Available Information
The Company’s Internet address is www.ghco.com. The Company makes available free of charge through its website its
Annual Report on Form 10-K, quarterly reports on Form 10-Q, current reports on Form 8-K, definitive proxy statements on
Schedule 14A and amendments to those reports filed or furnished pursuant to Section 13(a) or 15(d) of the Exchange Act as
soon as reasonably practicable after such documents are electronically filed with the Securities and Exchange Commission
(SEC). In addition, the Company’s Certificate of Incorporation, its Corporate Governance Guidelines, the Charters of the
Audit and Compensation Committees of the Company’s Board of Directors and the codes of conduct adopted by the
Company and referred to in Item 10 of this Annual Report on Form 10-K are all available on the Company’s website;
printed copies of such documents may be obtained by any stockholder upon written request to the Secretary, Graham
Holdings Company at 1300 North 17th Street, Arlington, VA 22209. The contents of the Company’s website are not
incorporated by reference into this Form 10-K and shall not be deemed “filed” under the Securities Exchange Act of 1934.
The SEC website, www.sec.gov, contains the reports, proxy statements and information statements and other information
regarding issuers that file electronically with the SEC. Also, the public may read and copy any materials that the
Company files with the SEC at the SEC’s Public Reference Room at 100 F Street, NE, Washington, DC 20549.

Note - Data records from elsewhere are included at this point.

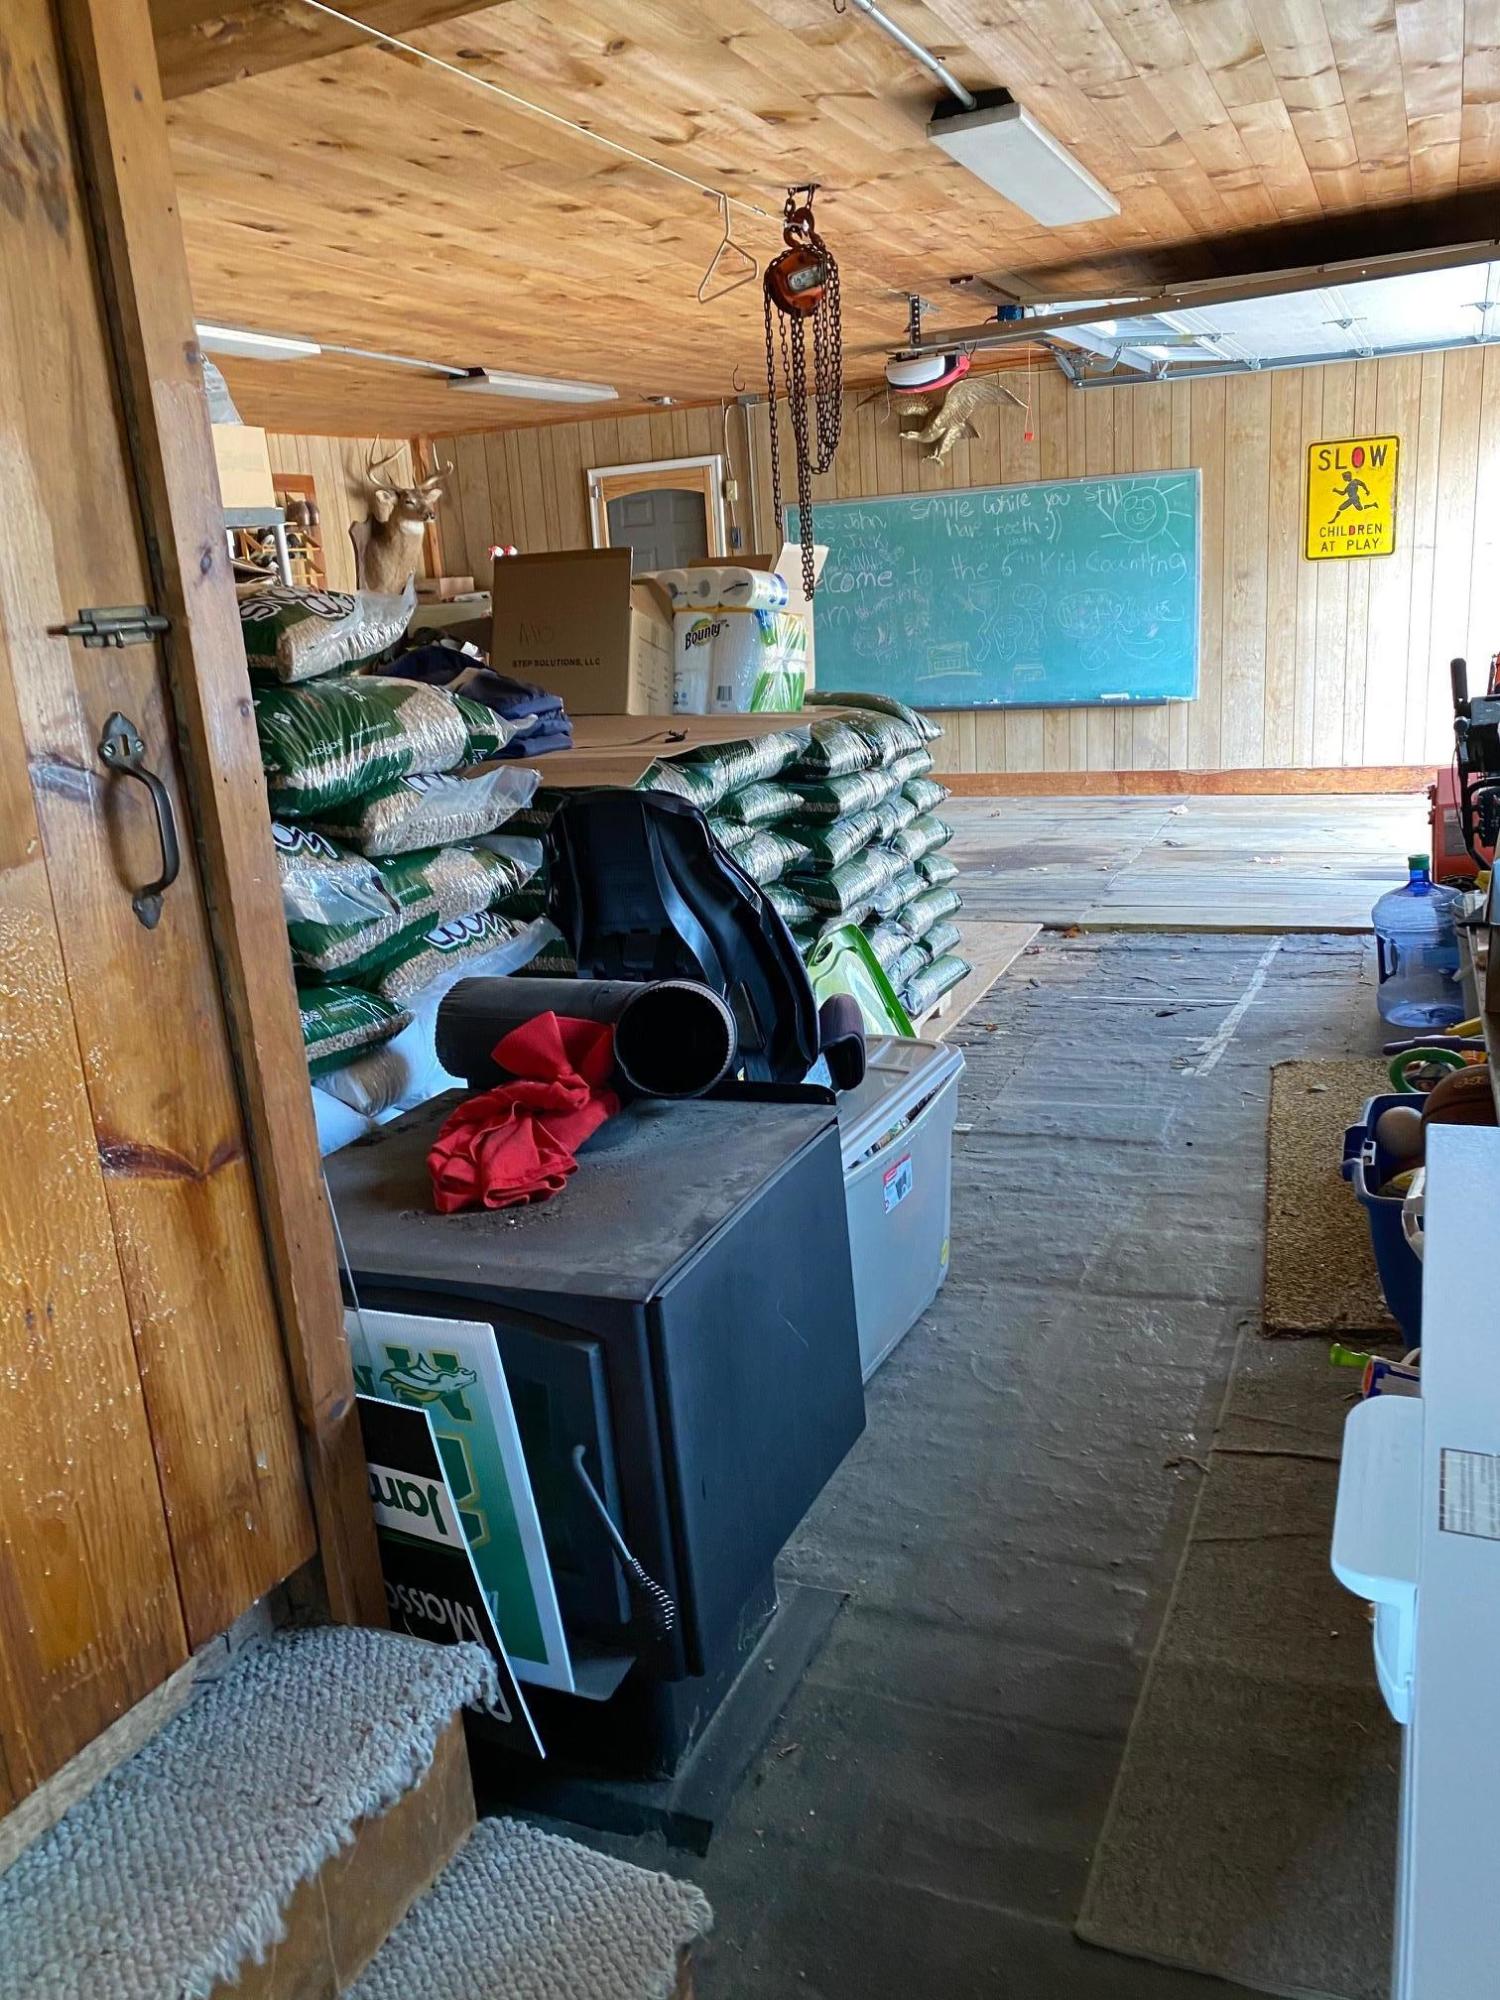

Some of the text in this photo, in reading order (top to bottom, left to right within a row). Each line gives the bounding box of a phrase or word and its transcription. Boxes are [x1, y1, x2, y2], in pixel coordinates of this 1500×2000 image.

[1318, 444, 1388, 471] SLOW
[1319, 523, 1383, 538] CHILDREN
[1321, 538, 1380, 553] AT PLAY
[814, 568, 893, 595] elcome
[947, 552, 989, 580] the
[685, 623, 721, 651] Bounty
[512, 657, 600, 668] STEP SOLUTIONS, LLC
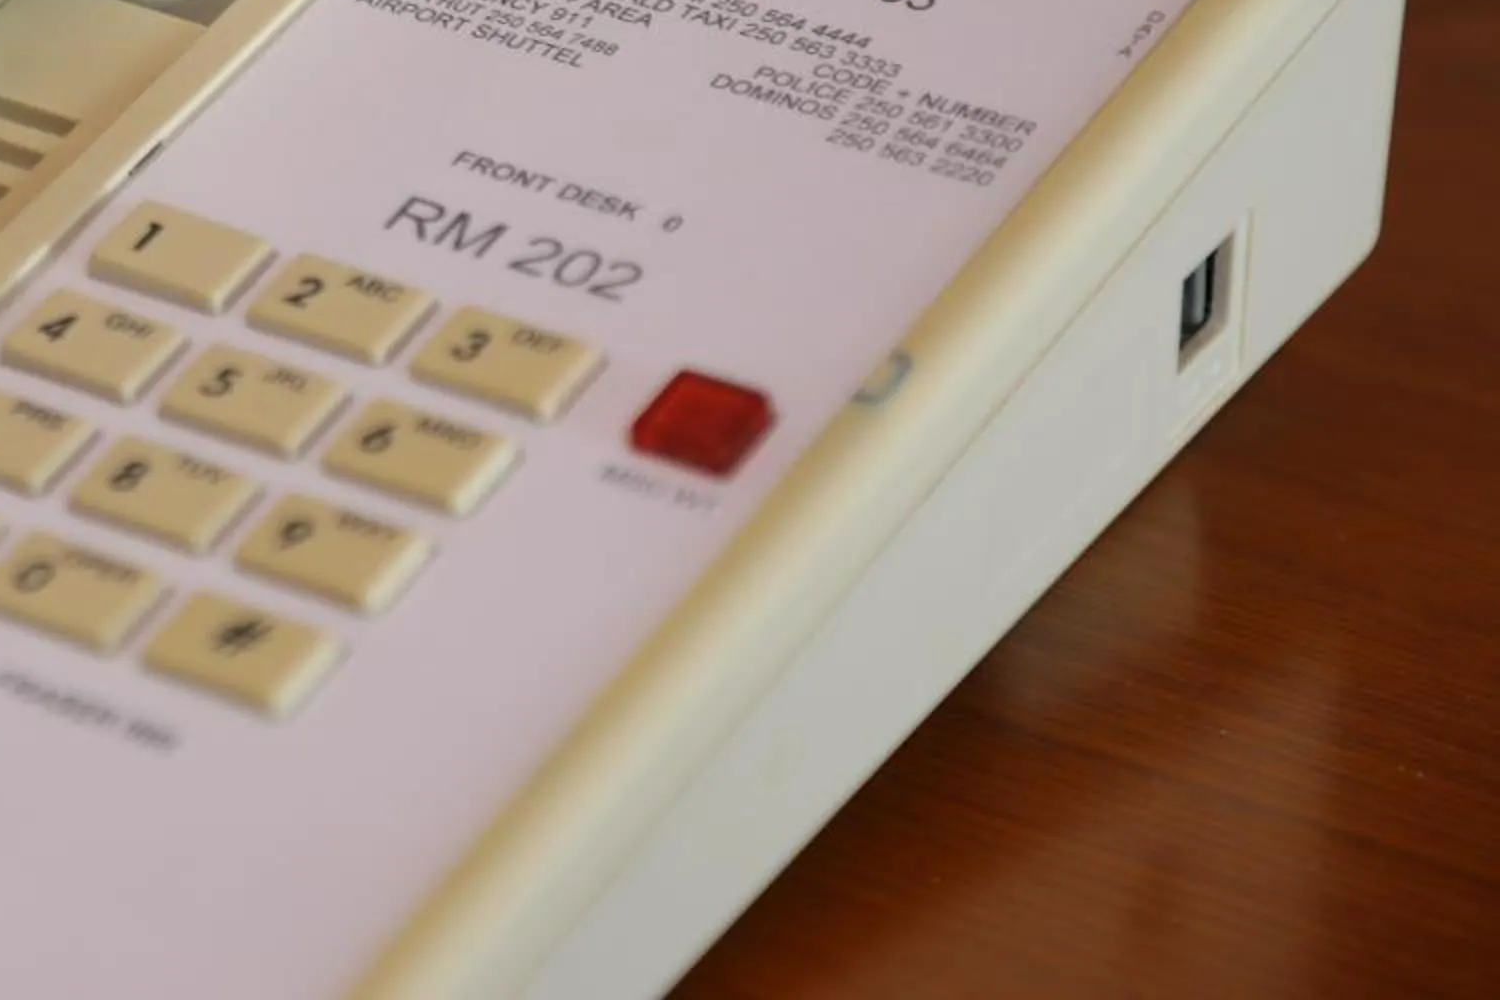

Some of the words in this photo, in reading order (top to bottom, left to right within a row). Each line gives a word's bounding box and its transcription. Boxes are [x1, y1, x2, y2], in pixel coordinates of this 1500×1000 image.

[680, 4, 738, 31] TAXI
[739, 24, 787, 46] 250
[789, 37, 835, 60] 563
[841, 51, 903, 78] 3333
[761, 9, 806, 31] 564
[811, 24, 873, 49] 4444
[485, 9, 524, 28] 250
[526, 22, 563, 41] 564
[709, 74, 838, 121] DOMINOS
[840, 112, 890, 136] 250
[551, 7, 594, 28] 911
[753, 66, 853, 104] POLICE
[855, 96, 904, 119] 250
[959, 125, 1024, 153] 3300
[583, 0, 653, 28] AREA
[812, 64, 893, 96] CODE
[916, 92, 1038, 136] NUMBER
[471, 24, 584, 68] SHUTTEL
[825, 128, 875, 152] 250
[451, 150, 555, 193] FRONT
[557, 183, 645, 221] DESK
[132, 221, 164, 252] 1
[383, 195, 509, 259] RM
[507, 237, 644, 303] 202
[281, 276, 325, 309] 2
[345, 275, 406, 304] ABC
[37, 313, 78, 342] 4
[449, 330, 493, 363] 3
[198, 367, 244, 397] 5
[359, 424, 398, 454] 6
[107, 461, 151, 493] 8
[280, 520, 314, 550] 9
[12, 562, 56, 593] 0

Information on the operation of the Public Reference Room may be obtained by calling the SEC at 1-800-SEC-0330.
Item 1A. Risk Factors.
The Company faces a number of significant risks and uncertainties in connection with its operations. The most significant
of these are described below. These risks and uncertainties may not be the only ones facing the Company. Additional
risks and uncertainties not presently known, or currently deemed immaterial, may adversely affect the Company in the
future. In addition to the other information included in this Annual Report on Form 10-K, investors should carefully consider
the following risk factors. If any of the events or developments described below occurs, it could have a material adverse
effect on the Company’s business, financial condition or results of operations.
Failure to Comply With Statutory and Regulatory Requirements Could Result in Loss of Access to U.S. Federal
Student Loans and Grants Under Title IV, a Requirement to Pay Fines or Monetary Liabilities or Other Sanctions
To maintain Title IV eligibility, each group of schools combined into an OPEID unit must comply with the extensive statutory and
regulatory requirements of the Higher Education Act and other laws relating to its financial aid management, educational
programs, financial strength, facilities, recruiting practices and various other matters. Failure to comply with these requirements
could result in the loss or limitation of the eligibility of one or more of the KHE schools to participate in Title IV programs; a
requirement to pay fines or to repay Title IV program funds; a denial or refusal by the ED to consider a school’s application for
renewal of its certification to participate in the Title IV programs or for approval to add a new campus or educational program; a
requirement to submit a letter of credit, the imposition of civil or criminal penalties; or other sanctions. No assurance can be given
that the Kaplan schools and programs currently participating in Title IV programs will maintain their Title IV eligibility, accreditation
and state authorization in the future or that the ED might not successfully assert that one or more of such schools or programs have
previously failed to comply with Title IV requirements. The loss of Title IV eligibility by either (1) the single OPEID unit that includes
Kaplan University or (2) a combination of other OPEID units would have a material adverse effect on Kaplan’s operating results.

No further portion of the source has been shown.